The Memovox Deep Sea Alarm:
In 1959, the first Alarm Diving Watch was born, and it was given the name of Memovox Deep Sea, ref E 857 for Europe, and 8184 for the USA...
Here, the European Model:
And there, the American Version, the big difference being the dial, with a special writing, and the indexes:
The Movement is the Cal 815, which was produced in 1956, and first used in the Memovox, before being introduced in this Deep Sea.
This is an Automatic Caliber ( with this special Bumper which gives a lot of charm to the watch when you wear it, as you can hear and feel this matt sound when winding ), with of course, the Alarm, and the Central Second.
The Power Reserve is around 50 hours, 217 parts, and 17 Jewels.
It beats at 18 000 Vibrations Per Hour, and so, shares the same basis than the Cal 825, born some four years later, with this difference that the 825 has a date function, not the 815..
The case is an exemple of elegance, with a big size for the era ( 39mm ).
The lugs are much thinner than the famous Polaris, I'd even say ...slimmer.
Here a pic of the Polaris:
Here, The Deep Sea ...
2 crowns, only...Instead of the 3 of the Polaris.
A powerful, and very nice dial...
Well you noticed that this is the main difference between the European and the American Version.
The European is more sober, more discrete, and more useful, as the indexes are luminous, which is not the case for the American model...which is strange for a Diver watch!
The American dial has a bit stronger personnality, more..." macho ", should I say, with these prolonged indexes till the alarm disc.
A nice signature, too, with a stylized signature, and as all american models, just .." Le Coultre".
The last difference is about the absence of writing on the European dial, and in italics, Deep Sea Alarm Automatic, for the American model.
Here some macros of the dial, to enhance its strong personnality...
The triangle which is used as the Alarm indicator, which turns with the upper crown.
On this pic you'll see the finish of the dial, very patined, and with a lot of character!
The whole dial, with these thin hands, the specific indexes, and writings...
Indeed a dial which had a beautiful life, if you look at its texture!
With the time, the black matt dial fades to grey, which is just sublime!
Now, let's see the specific case back, with a very nice engraving of a Diver in action...
Please note that there were quite important differences about the hands and the Typo of the numbers on the bezel, from a model to another.

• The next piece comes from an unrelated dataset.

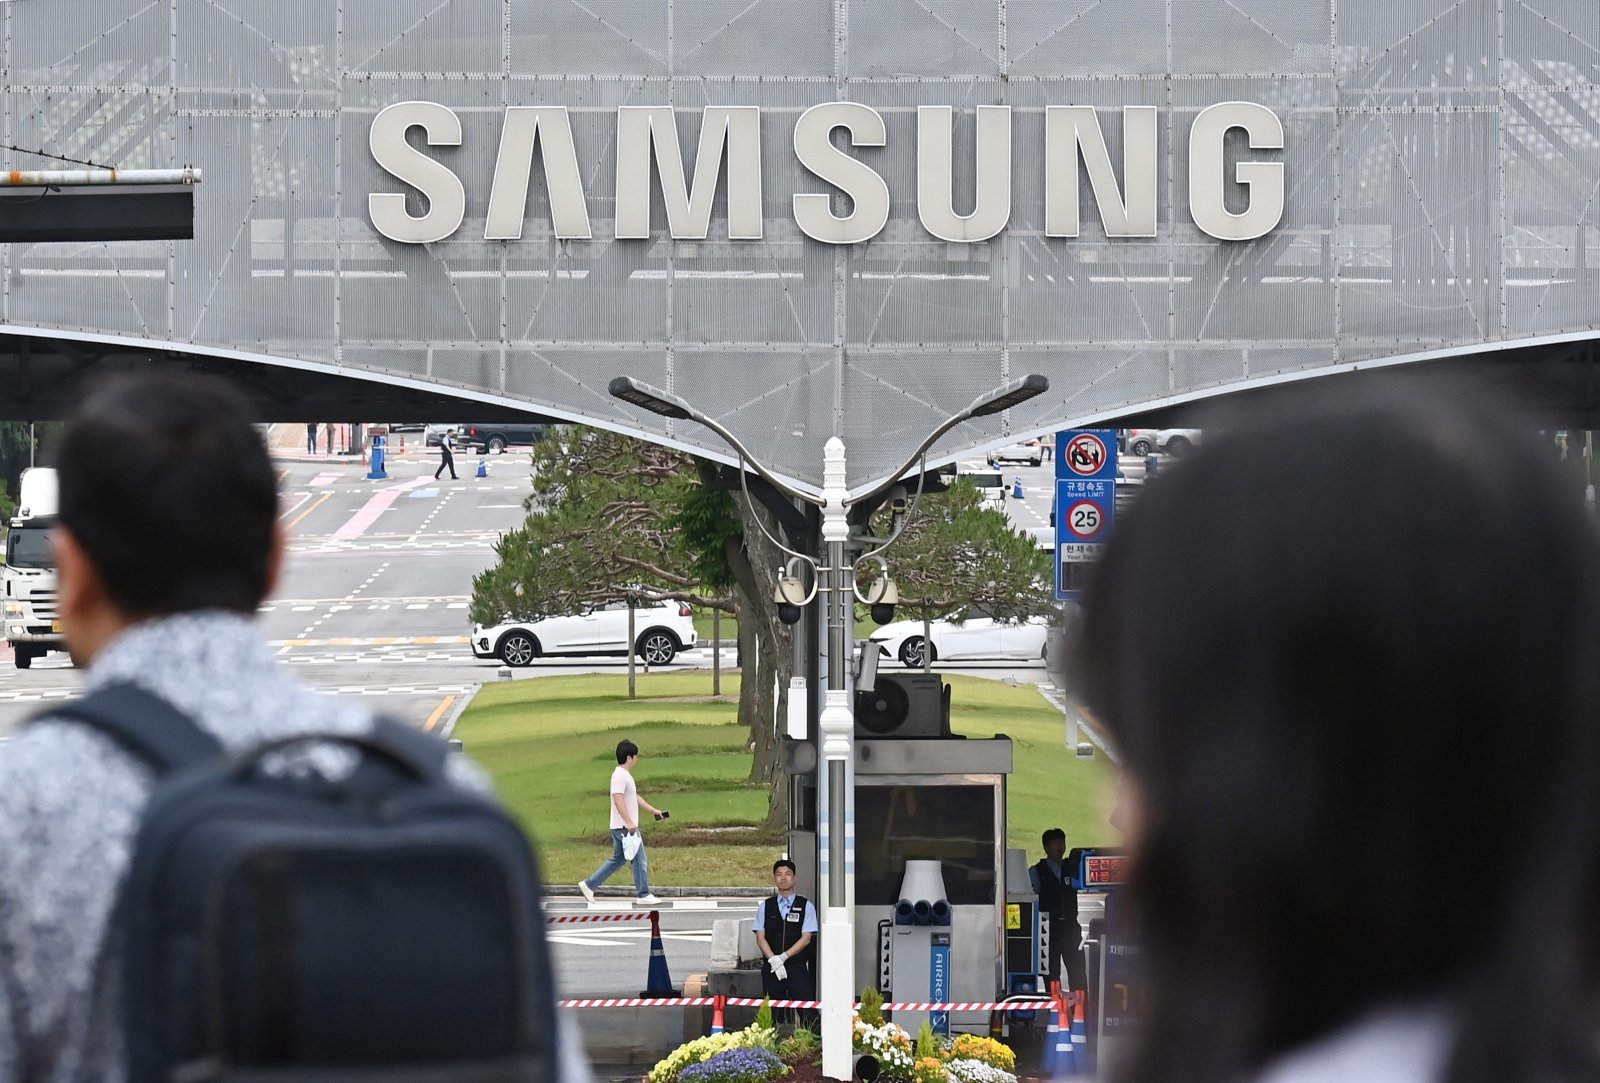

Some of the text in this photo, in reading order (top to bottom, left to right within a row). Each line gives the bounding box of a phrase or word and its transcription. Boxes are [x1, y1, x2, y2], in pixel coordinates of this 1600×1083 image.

[369, 101, 1285, 244] SAMSUNG
[1067, 482, 1104, 491] 규정속도
[1075, 510, 1097, 527] 25
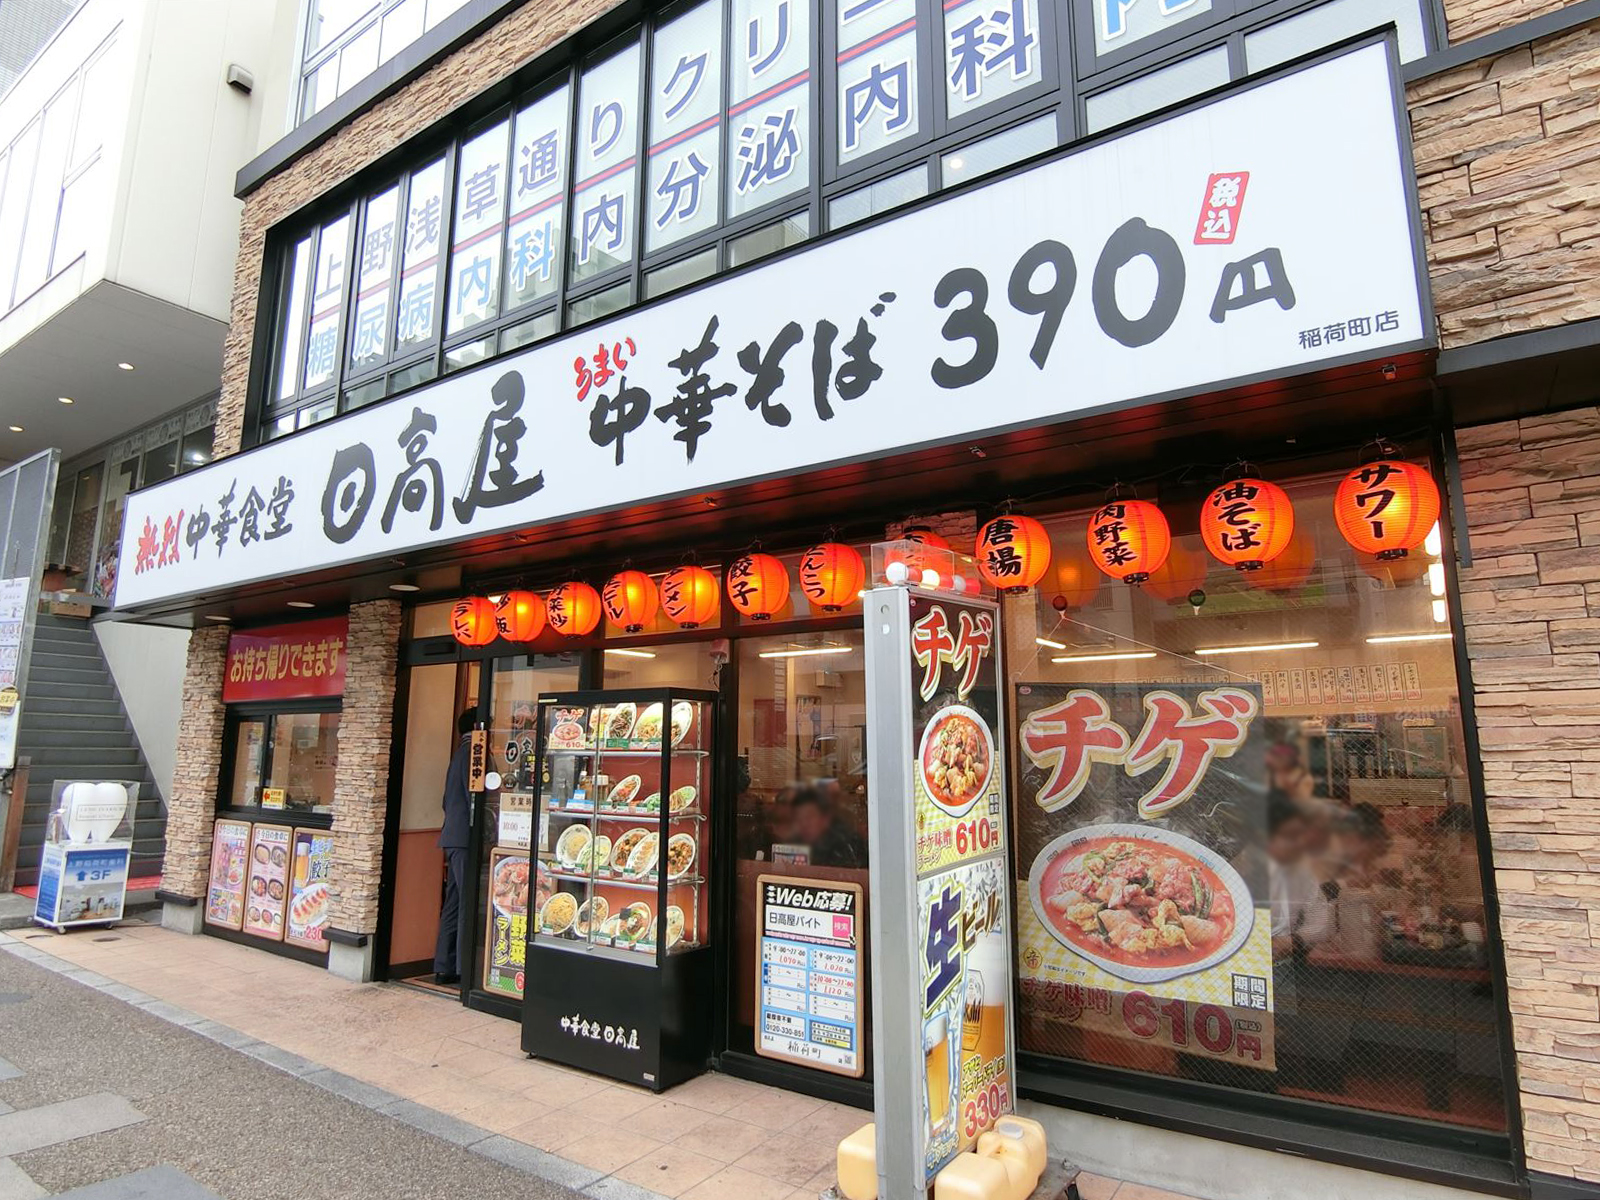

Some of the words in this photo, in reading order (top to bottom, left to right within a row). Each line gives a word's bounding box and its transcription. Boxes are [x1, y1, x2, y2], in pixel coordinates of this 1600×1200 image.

On the pic of the JLC Year Book I posted at the beginning of this topic, you have noticed than the hands were not the same.
In fact, these 2 kind of hands are correct.

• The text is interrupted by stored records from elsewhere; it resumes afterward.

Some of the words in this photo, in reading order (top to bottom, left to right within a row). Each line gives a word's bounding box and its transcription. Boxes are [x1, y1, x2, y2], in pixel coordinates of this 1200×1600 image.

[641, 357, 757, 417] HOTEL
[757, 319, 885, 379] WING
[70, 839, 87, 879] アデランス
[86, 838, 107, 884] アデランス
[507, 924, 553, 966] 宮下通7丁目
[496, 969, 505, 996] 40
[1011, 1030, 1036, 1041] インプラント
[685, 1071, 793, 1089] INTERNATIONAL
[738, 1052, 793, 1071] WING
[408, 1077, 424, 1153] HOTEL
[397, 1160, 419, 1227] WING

Another particularity is the Typo of the numbers on the bezel...
The " 8 " of the Deep Sea of the Year Book is round, mine is squared, and once again, the 2 typos are correct, too.
The bezel is, AFAIK, always in metal, with an aluminium insert.

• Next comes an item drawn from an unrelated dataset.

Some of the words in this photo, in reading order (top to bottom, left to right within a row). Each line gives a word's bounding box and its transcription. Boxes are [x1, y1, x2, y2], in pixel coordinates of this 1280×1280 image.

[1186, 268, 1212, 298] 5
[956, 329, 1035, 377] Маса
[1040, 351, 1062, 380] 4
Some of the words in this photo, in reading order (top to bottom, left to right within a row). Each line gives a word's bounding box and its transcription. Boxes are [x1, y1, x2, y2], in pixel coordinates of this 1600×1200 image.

On mine, the bezel has been re done, but in a very respectfull way, compared to the original version, which doesn't resist, sadly, to the time.
You will also notice that the crowns are not the good one, on my Deep Sea, but I will arrange that, when I send my watch for a complete service.
The good crowns are thinner, and for the upper one, it is made in an " oignion " style.
A lovely, charming, stunning toolwatch:
As I previously said, this is not a big watch, as the case is 39mm only, which was a big size for the era, but much less than the 42mm of the Polaris.
The proportions are quite ideal...Not too big, a bit thick, but very well balanced.
The bezel is more narrow than on a Fifty Fathoms Mil Spec, and the dial is more important.
The bombed plexy is the final touch, indeed.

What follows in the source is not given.